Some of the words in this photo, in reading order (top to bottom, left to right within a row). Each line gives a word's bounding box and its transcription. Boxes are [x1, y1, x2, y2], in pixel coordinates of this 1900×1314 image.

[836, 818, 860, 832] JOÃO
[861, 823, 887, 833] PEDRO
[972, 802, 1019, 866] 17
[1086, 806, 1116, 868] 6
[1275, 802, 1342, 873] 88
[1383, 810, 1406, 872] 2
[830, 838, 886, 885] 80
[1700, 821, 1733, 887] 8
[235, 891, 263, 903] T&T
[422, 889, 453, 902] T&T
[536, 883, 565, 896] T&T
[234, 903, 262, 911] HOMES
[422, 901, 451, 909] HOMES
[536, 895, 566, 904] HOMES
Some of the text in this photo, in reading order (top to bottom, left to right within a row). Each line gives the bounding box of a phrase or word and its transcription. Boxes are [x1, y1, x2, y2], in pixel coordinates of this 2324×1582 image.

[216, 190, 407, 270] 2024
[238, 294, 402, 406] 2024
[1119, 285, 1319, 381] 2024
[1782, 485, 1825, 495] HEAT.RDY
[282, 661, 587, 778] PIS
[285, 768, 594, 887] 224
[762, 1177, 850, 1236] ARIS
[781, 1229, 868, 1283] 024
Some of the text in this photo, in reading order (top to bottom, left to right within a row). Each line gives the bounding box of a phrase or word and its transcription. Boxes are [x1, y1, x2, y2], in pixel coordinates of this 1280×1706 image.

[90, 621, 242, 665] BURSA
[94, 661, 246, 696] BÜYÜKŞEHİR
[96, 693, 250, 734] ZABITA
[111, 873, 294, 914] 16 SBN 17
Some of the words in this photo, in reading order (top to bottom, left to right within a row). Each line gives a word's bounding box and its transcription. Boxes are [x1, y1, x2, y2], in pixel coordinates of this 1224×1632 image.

▸ **What to work on**:
All of the data is to be written out again, word for word.

▸ **Answer box**:
Some of the words in this photo, in reading order (top to bottom, left to right within a row). Each line gives a word's bounding box and its transcription. Boxes are [x1, y1, x2, y2], in pixel coordinates of this 1900×1314 image.

[836, 818, 860, 832] JOÃO
[861, 823, 887, 833] PEDRO
[972, 802, 1019, 866] 17
[1086, 806, 1116, 868] 6
[1275, 802, 1342, 873] 88
[1383, 810, 1406, 872] 2
[830, 838, 886, 885] 80
[1700, 821, 1733, 887] 8
[235, 891, 263, 903] T&T
[422, 889, 453, 902] T&T
[536, 883, 565, 896] T&T
[234, 903, 262, 911] HOMES
[422, 901, 451, 909] HOMES
[536, 895, 566, 904] HOMES
Some of the text in this photo, in reading order (top to bottom, left to right within a row). Each line gives the bounding box of a phrase or word and its transcription. Boxes are [x1, y1, x2, y2], in pixel coordinates of this 2324×1582 image.

[216, 190, 407, 270] 2024
[238, 294, 402, 406] 2024
[1119, 285, 1319, 381] 2024
[1782, 485, 1825, 495] HEAT.RDY
[282, 661, 587, 778] PIS
[285, 768, 594, 887] 224
[762, 1177, 850, 1236] ARIS
[781, 1229, 868, 1283] 024
Some of the text in this photo, in reading order (top to bottom, left to right within a row). Each line gives the bounding box of a phrase or word and its transcription. Boxes are [x1, y1, x2, y2], in pixel coordinates of this 1280×1706 image.

[90, 621, 242, 665] BURSA
[94, 661, 246, 696] BÜYÜKŞEHİR
[96, 693, 250, 734] ZABITA
[111, 873, 294, 914] 16 SBN 17
Some of the words in this photo, in reading order (top to bottom, left to right within a row). Each line gives a word's bounding box and its transcription. Boxes are [x1, y1, x2, y2], in pixel coordinates of this 1224×1632 image.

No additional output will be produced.